Hypertension and obesity increase the MAP, therefore it is prudent to consider a urine output between 0.5 and 1.0 mL/kg/h, besides the normal MAP, as a requirement to assess fluid treatment in those patients.23-24
While catecholamines cause constriction in peripheral vessels, hypoxia and acidosis cause vasodilation.25-27 The approach to simultaneously fight hypovolemia and acidosis is achieved by means of administering a poly-electrolyte solution containing a balanced amount of sodium, potassium, chloride and bicarbonate (acetate), replenishing the intravascular volume, and at the same time preventing pulmonary vasoconstriction28 in order to avoid pulmonary edema, hence promoting blood oxygenation. The acidifying saline solution is not the preferable solution.

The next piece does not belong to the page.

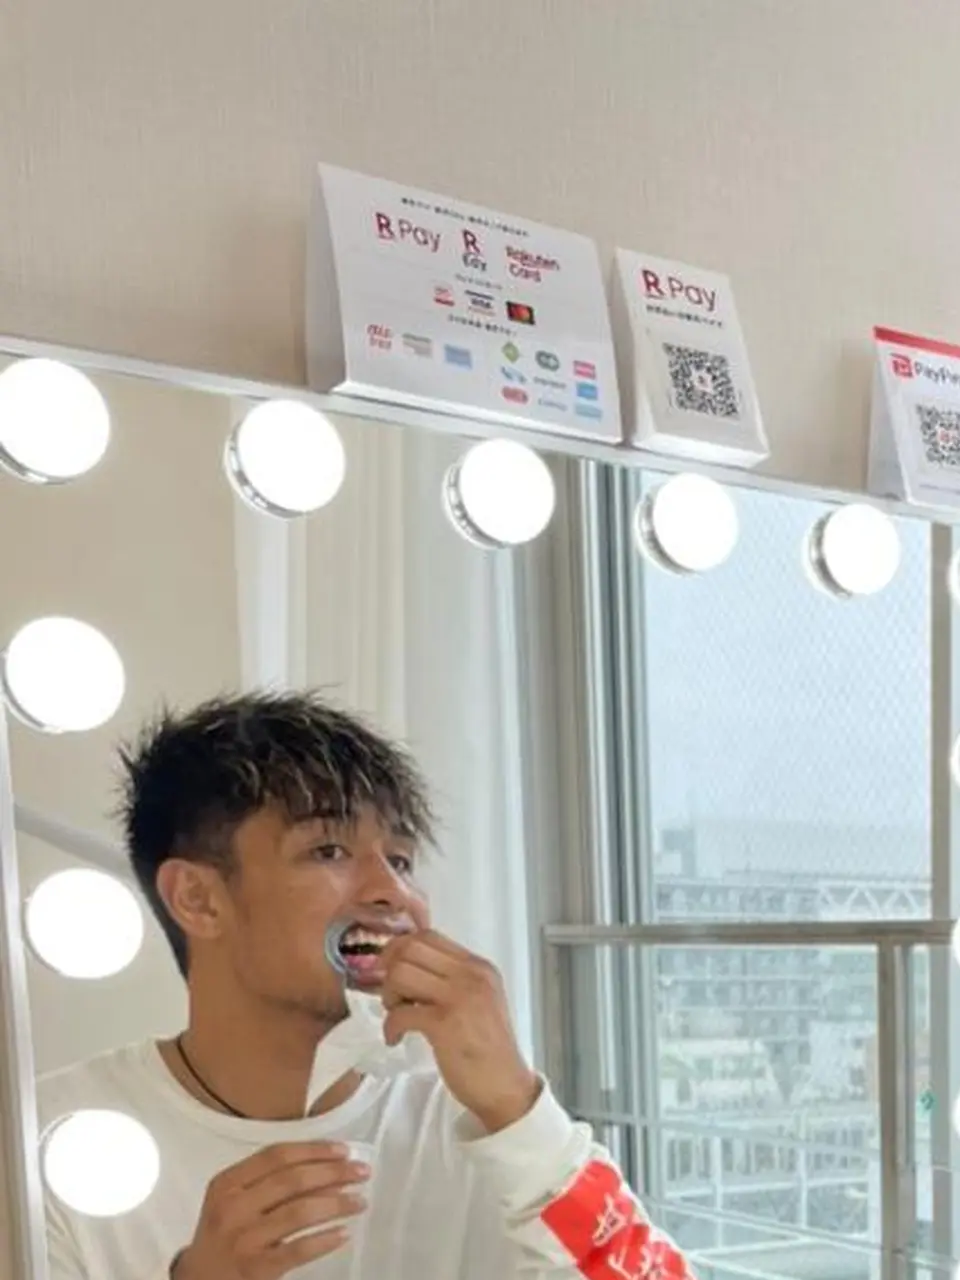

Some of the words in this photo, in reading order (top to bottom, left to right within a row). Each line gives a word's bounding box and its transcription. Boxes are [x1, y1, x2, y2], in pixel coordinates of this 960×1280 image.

Table 3: Results of laboratory tests and Mean Arterial Pressure. Patients presenting overt shock, SDSPL.

Table 4: Results of laboratory tests and Mean Arterial Pressure. Patients presenting hypotension, DWS

Dacca Solution was used for adults and a WHO ORS-like polyelectrolyte solution for children, with great success.
Our treatment protocol was based on careful reflection on dengue pathophysiology and the mechanisms of fluid loss in other situations, and the need to apply limited resources with maximum efficiency.
When this treatment protocol was used in uncomplicated DWS and SDSPL in Costa Rica, the mortality rate was null. Nevertheless unusual cases need a specialized approach in accordance with the problem (encephalitis, myocarditis, hepatic failure, etcetera).